Mohammad spera che la partecipazione regionale contribuirà a trovare un accordo che eviti un bagno di sangue.
“Se Erdogan avrà l’opportunità di attaccare, lo farà. Ma molte cose possono entrare in gioco in questa offensiva, come la Russia o gli Stati Uniti che possono tracciare linee rosse”, dice.
“In più, le SDF non sono isolate come lo erano le YPG ad Afrin. Sarà una guerra difficile per la Turchia”.
Nella Siria del Nord, i curdi sentono che la forte ideologia derivata dalla filosofia di Ocalan ha creato una relazione quasi organica tra le parti della comunità e la sua istituzione.
“Questa ideologia ci permette di guidare una battaglia popolare nella nostra società”, dice Abdallah.

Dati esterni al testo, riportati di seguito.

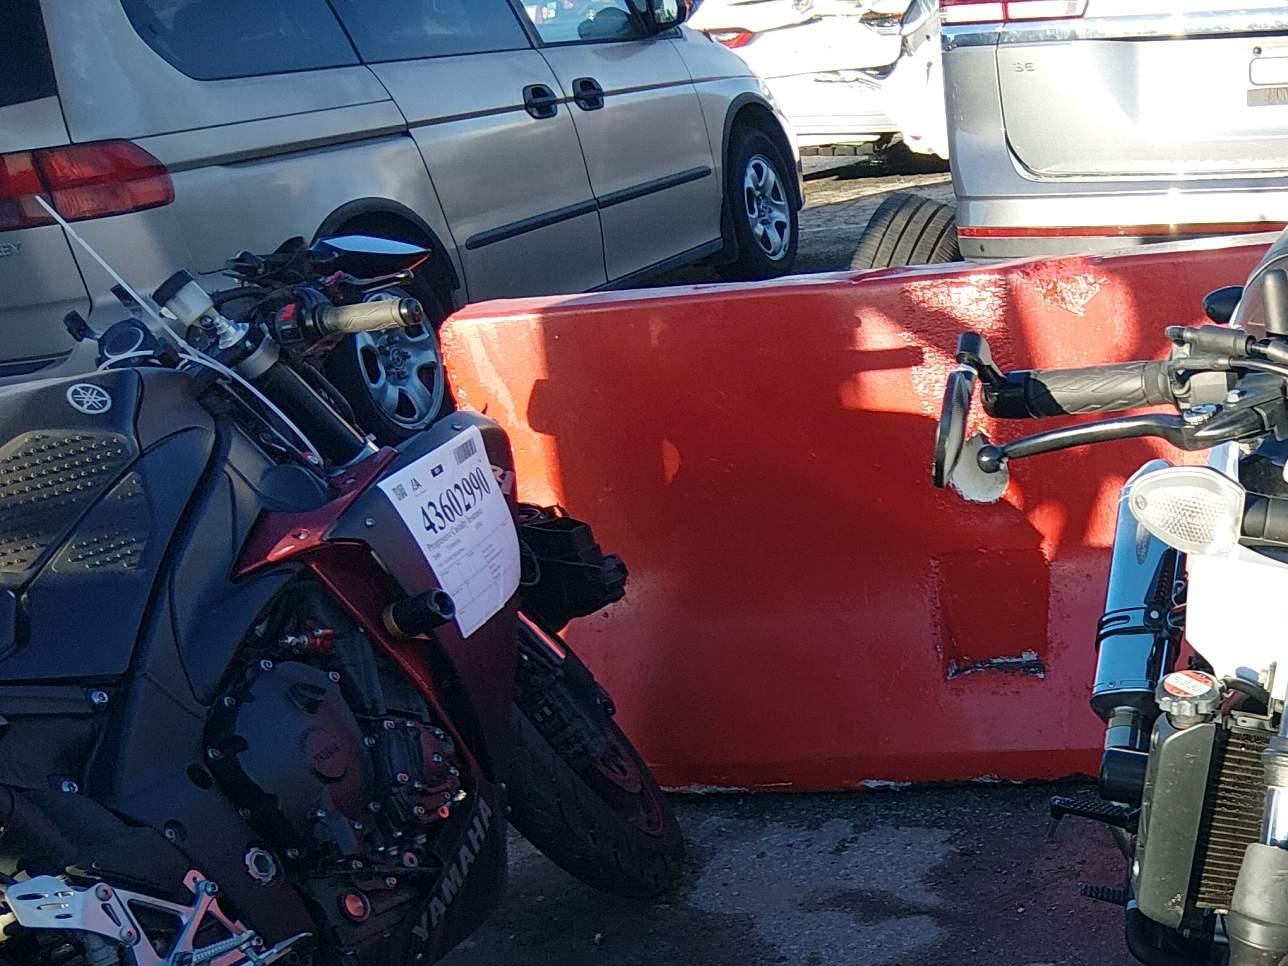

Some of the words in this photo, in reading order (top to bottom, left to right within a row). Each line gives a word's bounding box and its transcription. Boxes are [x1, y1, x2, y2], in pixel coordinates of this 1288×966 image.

[1015, 62, 1036, 73] SE
[420, 466, 491, 535] 43602990
[411, 796, 493, 942] YAMAHA

“Quando i combattenti sono al fronte, devono sapere che l’intera società li sta supportando. È molto importante per la morale…
“Quando l’esercito turco invaderà, scenderemo in strada con le armi e combatteremo, ognuno secondo le proprie capacità contribuirà alla battaglia.
“Siamo preparati. Abbiamo creato comitati in tutti i settori della società. I tunnel e i bunker sono pronti per contrastare gli attacchi aerei. Le provviste di cibo e medicinali sono state sistemate.
“Sarà una guerra esistenziale… Non abbiamo paura di morire. Succede solo una volta e noi non moriremo senza onore”, dice Abdallah.
“Nella nostra cultura, festeggiamo quando un martire cade. Non piangiamo quell’uomo o quella donna. È un onore diventare martiri per aver difeso la comunità”, dice Kordo.
“Se la Turchia verrà, avranno a che fare con i combattenti più impavidi mai visti”.